Bad Faith In Trademark Law: Sky Plc v SkyKick

Today Europe's highest court, the Court of Justice of the European Union (CJEU), has handed down its much-anticipated judgment in one of the most important referrals in EU trademark law over the last few years. The CJEU has largely mirrored the Advocate General's (AG) opinion in respect of deciding the five questions referred by the English Courts. These questions concerned the role and function of trademark specifications and bad faith filing practices.

The dispute between UK TV and telecoms company Sky and cloud management business SkyKick relates to Sky's claim that SkyKick has infringed four of its EU trademarks and one UK trademark comprising the word SKY through their use of SkyKick. There was also a claim for passing off. Mr Justice Arnold (as he then was) concluded in his February 2018 judgment that SkyKick's counterclaim challenging the validity of the marks could not be decided without guidance from the CJEU. SkyKick's validity attack was two-fold: (1) Sky's trademark specifications lacked the requisite clarity and precision; and (2) Sky's applications had been made in bad faith.

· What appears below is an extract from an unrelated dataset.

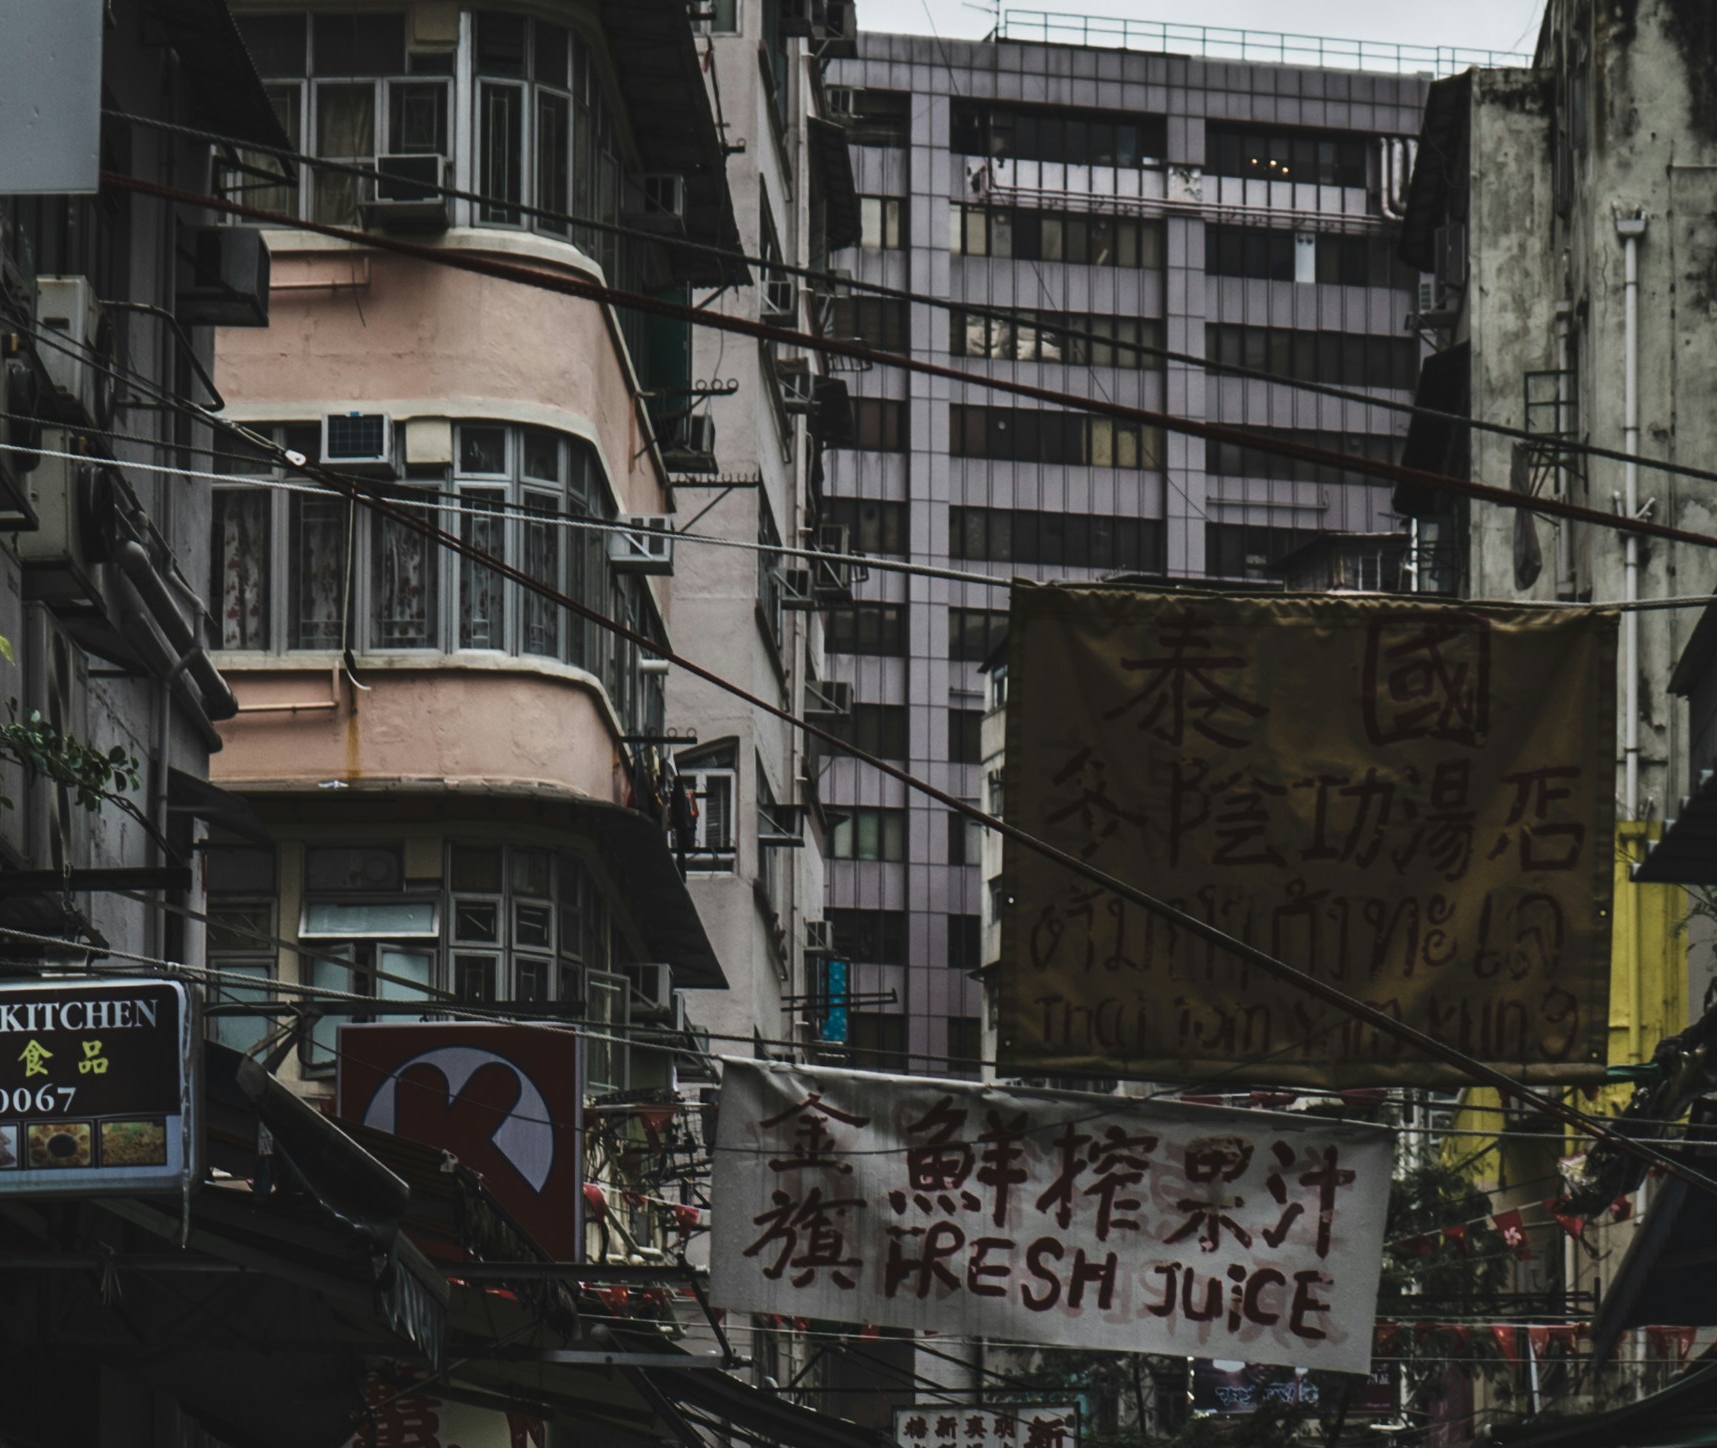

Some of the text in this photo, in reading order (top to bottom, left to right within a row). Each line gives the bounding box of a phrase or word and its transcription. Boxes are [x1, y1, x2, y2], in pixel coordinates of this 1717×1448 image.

[1102, 606, 1492, 750] 泰國
[742, 1092, 872, 1290] 金旗
[884, 1220, 1117, 1312] FRESH

In response to the five questions referred to the CJEU, the Court has ruled as follows:

Questions 1 & 2: Is a lack of clarity and precision as to the terms of a trademark specification a ground of invalidity? Specifically, is the term "Computer Software" sufficiently clear and precise?

The CJEU held that an EU or national trademark cannot be declared wholly or partially invalid on the grounds that terms used to designate the goods and services lack clarity and precision.

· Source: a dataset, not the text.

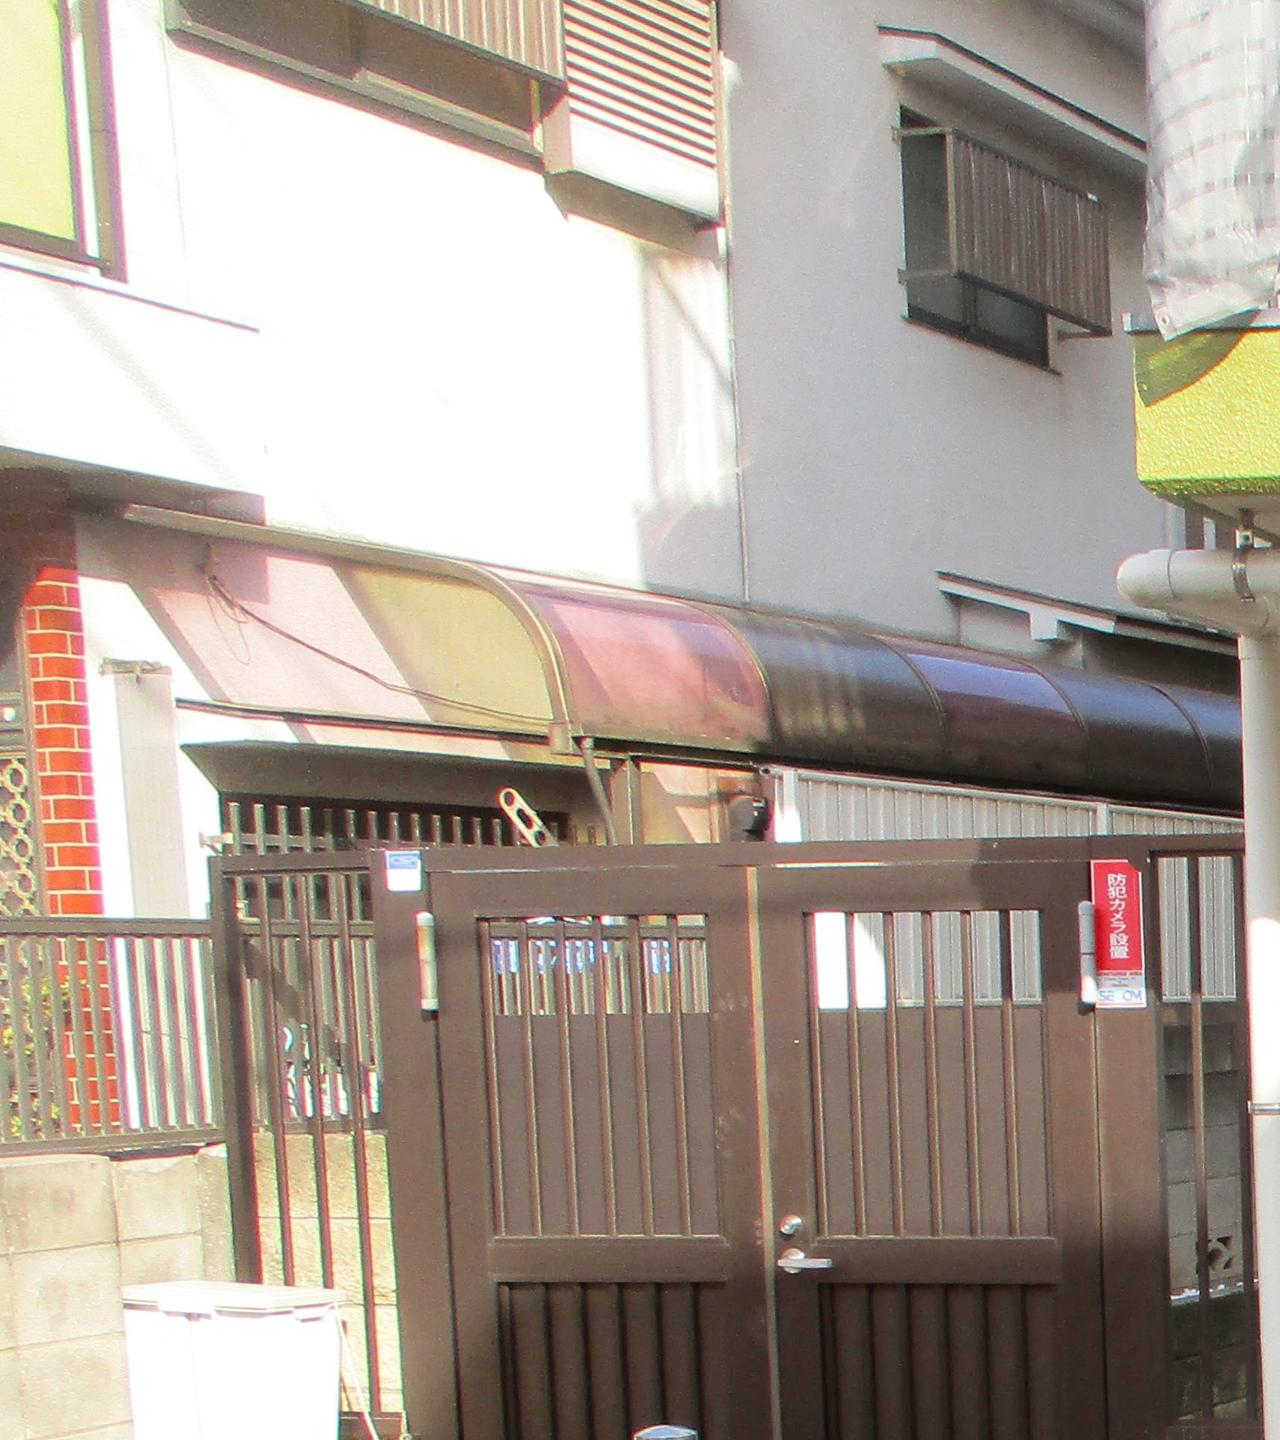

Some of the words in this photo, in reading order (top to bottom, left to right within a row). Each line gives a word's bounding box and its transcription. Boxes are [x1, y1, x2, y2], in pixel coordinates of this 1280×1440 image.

In line with the AG, the CJEU noted that whilst this is a ground for refusal during the registration process, the legislation provides an exhaustive list of grounds for invalidity which does not include the lack of clarity and precision of terms. The CJEU noted that SkyKick's assertion that such unclear and imprecise specifications were contrary to the absolute ground requiring graphic representability did not apply to considerations of scope of the specifications.The CJEU departed from the AG's view that such specifications could be considered invalid on the grounds of being contrary to public policy or public order. In this respect the CJEU determined that the concept of 'public policy' did not relate to characteristics of the trademark application itself.

Questions 3 & 4: Bad faith - can it constitute bad faith to apply to register a trademark without any intention to use it in...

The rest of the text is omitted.